* **WHAT YOU NEED TO DO**:
Restate the entries below verbatim.

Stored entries
=====

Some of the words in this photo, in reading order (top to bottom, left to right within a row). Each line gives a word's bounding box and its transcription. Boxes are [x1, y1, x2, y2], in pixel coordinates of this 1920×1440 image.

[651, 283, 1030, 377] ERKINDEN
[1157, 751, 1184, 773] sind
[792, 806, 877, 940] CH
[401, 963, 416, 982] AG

=====

* **ANSWER BOX**:
Some of the words in this photo, in reading order (top to bottom, left to right within a row). Each line gives a word's bounding box and its transcription. Boxes are [x1, y1, x2, y2], in pixel coordinates of this 1920×1440 image.

[651, 283, 1030, 377] ERKINDEN
[1157, 751, 1184, 773] sind
[792, 806, 877, 940] CH
[401, 963, 416, 982] AG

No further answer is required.